Fig. 5 is the system energy efficiency performance of institute of the present invention extracting method and the graph of relation of single base station transmit antennas number, wherein, and community user number K=4, single base station transmitting power P=46dBm to greatest extent.In figure, " instantaneous CSI " curve refers to and adopts the single base stations and multiuser MIMO efficiency beam-forming method utilizing instantaneous channel state information of the prior art, the average system performance efficiency under 1000 accidental channels realize and the relation curve of single base station transmit antennas number; In figure, " statistical CSI " curve refers to that adopt the present invention to propose a kind of utilizes the extensive MIMO beam-forming method of the high energy efficiency of statistical channel state information, the average system performance efficiency under 1000 accidental channels realize and the relation curve of single base station transmit antennas number; In figure, " percentage " curve refers to " statistical CSI " and " instantaneous CSI " both ratio of average system efficiency and relation curves of single base station transmit antennas number.Simulation result shows, single base station user number is fixed (K=4), utilizes the efficiency beam-forming method of instantaneous CSI or statistical CSI all to there is best antenna for base station configuration (N
*=8)
.when antenna for base station number N=5, the ratio of " statistical CSI " and " instantaneous CSI " both average system efficiencies is 89.46%; When antenna for base station number N=64, the ratio of the two average system efficiency is 98.68%.What also just mean that the present invention carries utilizes its system energy efficiency performance of the beam-forming method of statistical channel state information close to its system energy efficiency performance of beam-forming method utilizing instantaneous channel state information in prior art, almost can reach more than 90%.

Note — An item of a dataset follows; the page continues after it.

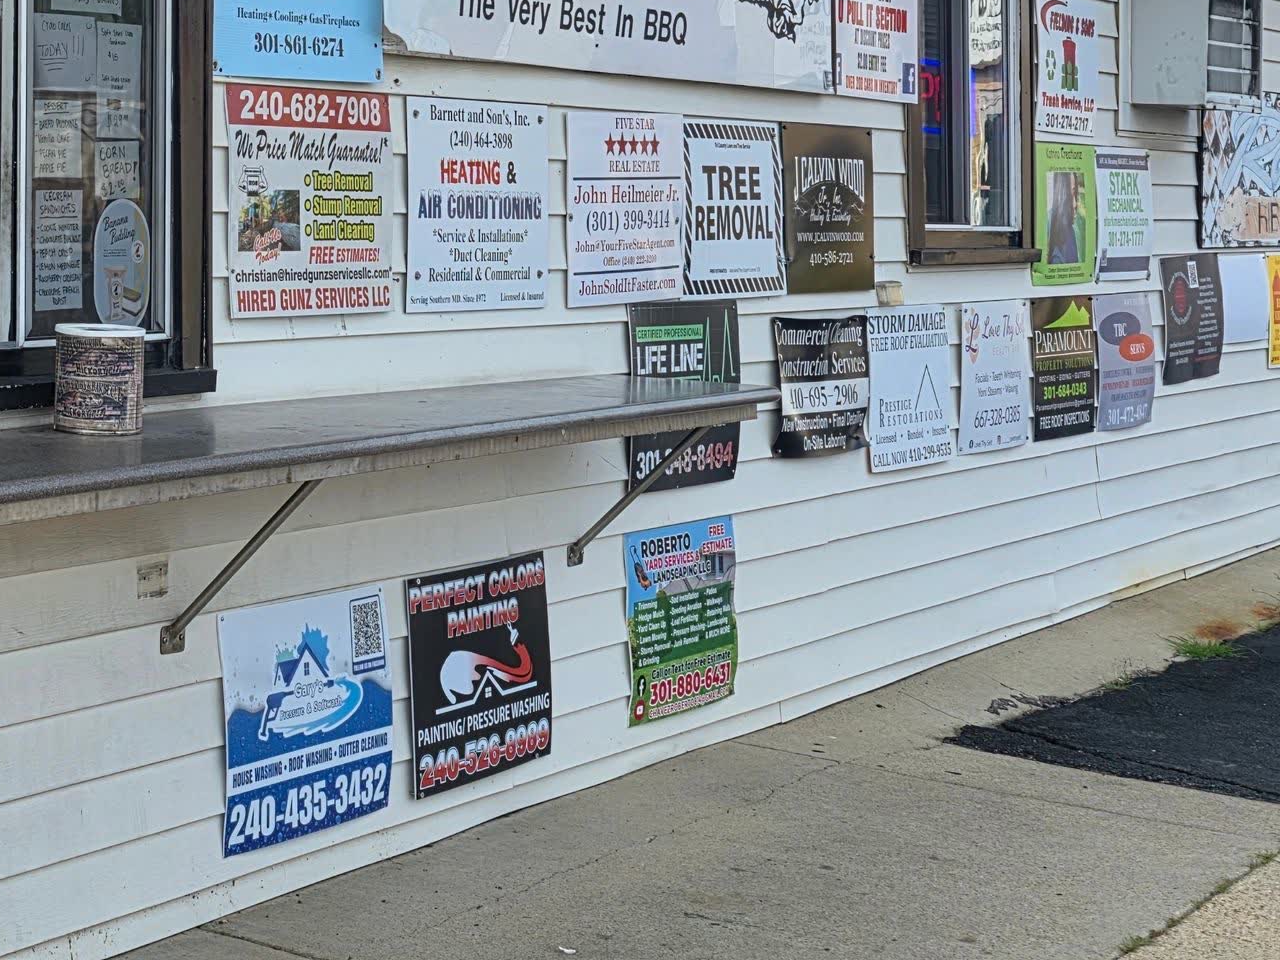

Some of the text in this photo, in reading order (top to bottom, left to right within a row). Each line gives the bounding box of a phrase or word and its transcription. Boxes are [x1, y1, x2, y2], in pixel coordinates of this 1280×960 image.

In sum, the a kind of of the present invention's proposition utilizes the extensive MIMO beam-forming method of the high energy efficiency of statistical channel state information, be characterized in the optimization problem first utilizing the virtual up-link power of statistical channel state information process to distribute, and utilize the transfer problem of uplink downlink duality process uplink downlink power division, thus obtain the downlink power allocation vector optimized; Secondly, utilize instantaneous channel state information to calculate downlink beamforming vector, thus obtain the downlink beamforming vector optimized.The advantage of institute of the present invention extracting method is, statistical channel state information is utilized to replace the optimization problem of instantaneous channel state information processing downlink power allocation vector, reduce the operand once upgrading downlink power allocation vector, the renewal frequency of downlink power allocation vector effectively can be avoided too high simultaneously, thus reduce computation complexity further.In addition, what the present invention carried utilizes its system energy efficiency performance of the beam-forming method of statistical channel state information close to its system energy efficiency performance of beam-forming method utilizing instantaneous channel state information in prior art.Therefore, a kind of extensive MIMO beam-forming method of the high energy efficiency of statistical channel state information that utilizes that the present invention proposes can weigh system energy efficiency performance and computation complexity.